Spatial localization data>

BEGIN

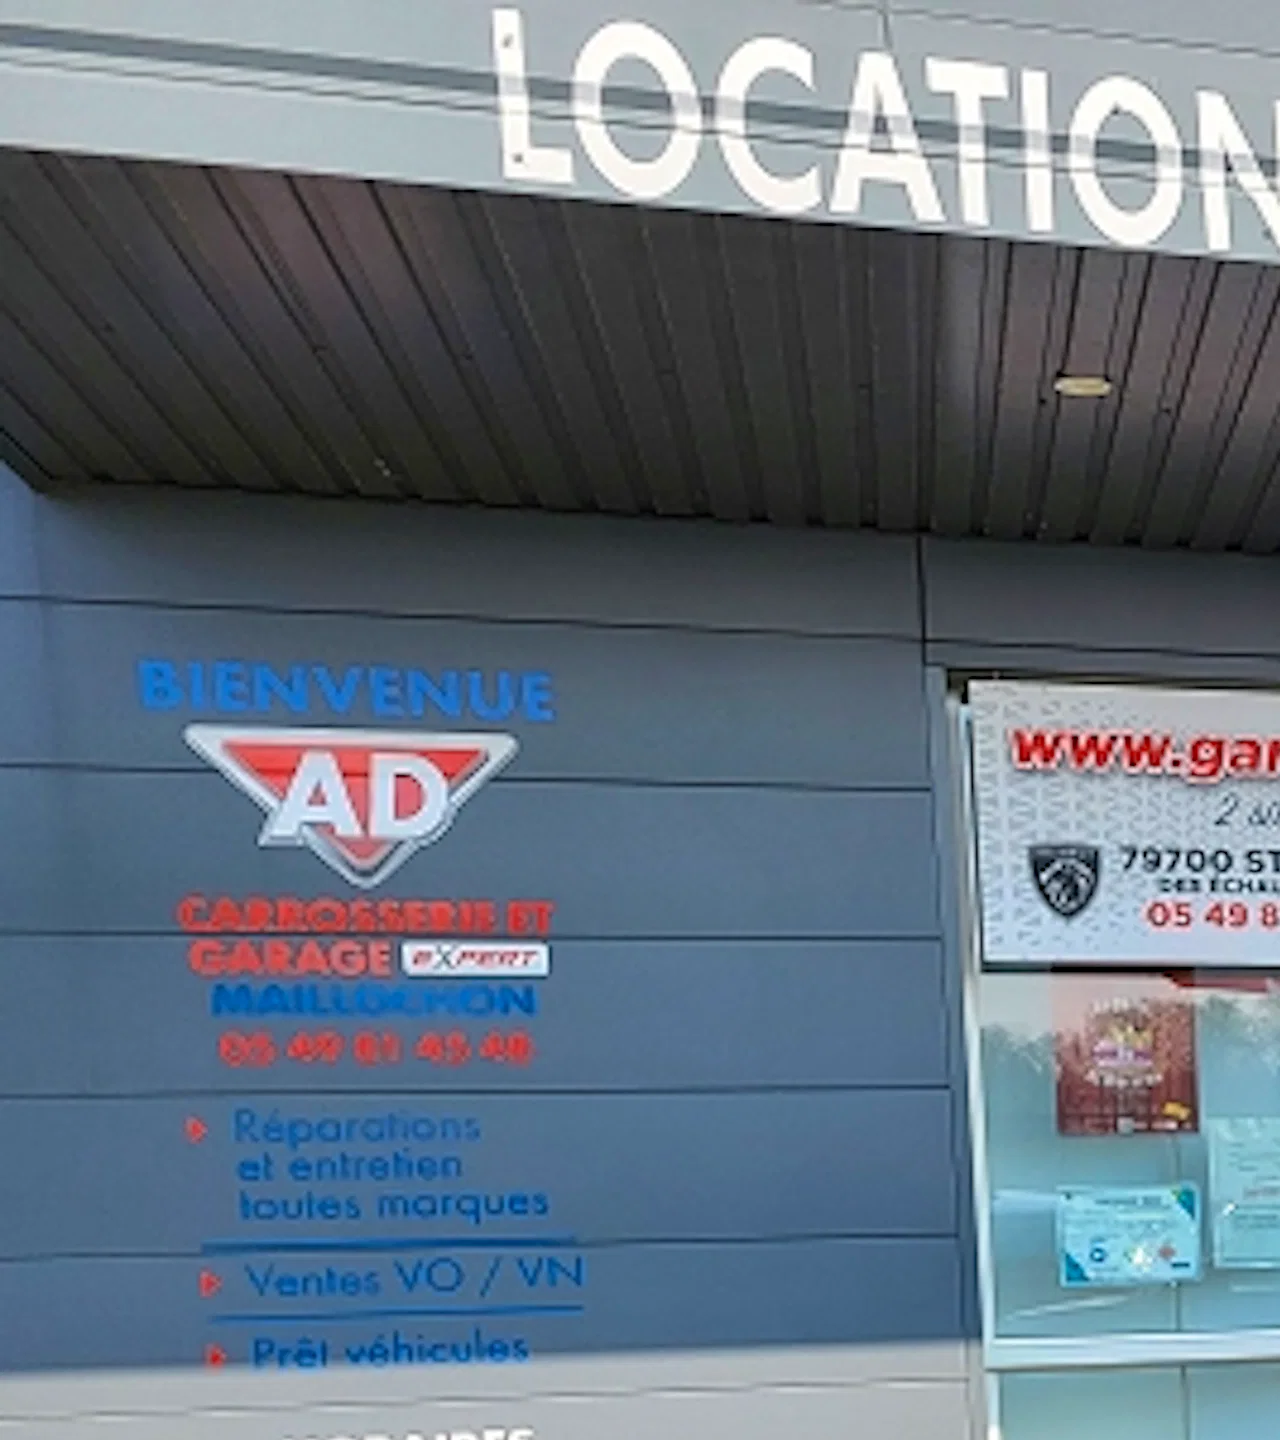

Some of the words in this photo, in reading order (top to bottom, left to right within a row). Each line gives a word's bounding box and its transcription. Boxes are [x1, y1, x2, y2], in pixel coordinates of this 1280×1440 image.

[137, 660, 557, 722] BIENVENUE
[271, 749, 451, 840] AD
[1214, 793, 1239, 826] 2
[1119, 847, 1233, 874] 79700
[177, 897, 494, 935] CARROSSERIE
[507, 900, 557, 935] ET
[1147, 901, 1192, 929] 05
[1205, 902, 1248, 928] 49
[188, 940, 392, 977] GARAGE
[210, 983, 540, 1017] MAILLOCHON
[218, 1030, 276, 1067] 05
[287, 1030, 346, 1065] 49
[233, 1108, 481, 1152] Réparations
[237, 1151, 275, 1181] et
[290, 1148, 464, 1180] entretien
[240, 1191, 362, 1221] toutes
[377, 1191, 550, 1225] marques
[244, 1263, 382, 1297] Ventes
[394, 1257, 465, 1293] VO
[516, 1255, 584, 1289] VN
[252, 1336, 330, 1370] Prêt
[344, 1328, 529, 1367] véhicules

END

Problem> Word for word, restate the records shown above, minus the pictures.

Solution to this problem>
Some of the words in this photo, in reading order (top to bottom, left to right within a row). Each line gives a word's bounding box and its transcription. Boxes are [x1, y1, x2, y2], in pixel coordinates of this 1280×1440 image.

[137, 660, 557, 722] BIENVENUE
[271, 749, 451, 840] AD
[1214, 793, 1239, 826] 2
[1119, 847, 1233, 874] 79700
[177, 897, 494, 935] CARROSSERIE
[507, 900, 557, 935] ET
[1147, 901, 1192, 929] 05
[1205, 902, 1248, 928] 49
[188, 940, 392, 977] GARAGE
[210, 983, 540, 1017] MAILLOCHON
[218, 1030, 276, 1067] 05
[287, 1030, 346, 1065] 49
[233, 1108, 481, 1152] Réparations
[237, 1151, 275, 1181] et
[290, 1148, 464, 1180] entretien
[240, 1191, 362, 1221] toutes
[377, 1191, 550, 1225] marques
[244, 1263, 382, 1297] Ventes
[394, 1257, 465, 1293] VO
[516, 1255, 584, 1289] VN
[252, 1336, 330, 1370] Prêt
[344, 1328, 529, 1367] véhicules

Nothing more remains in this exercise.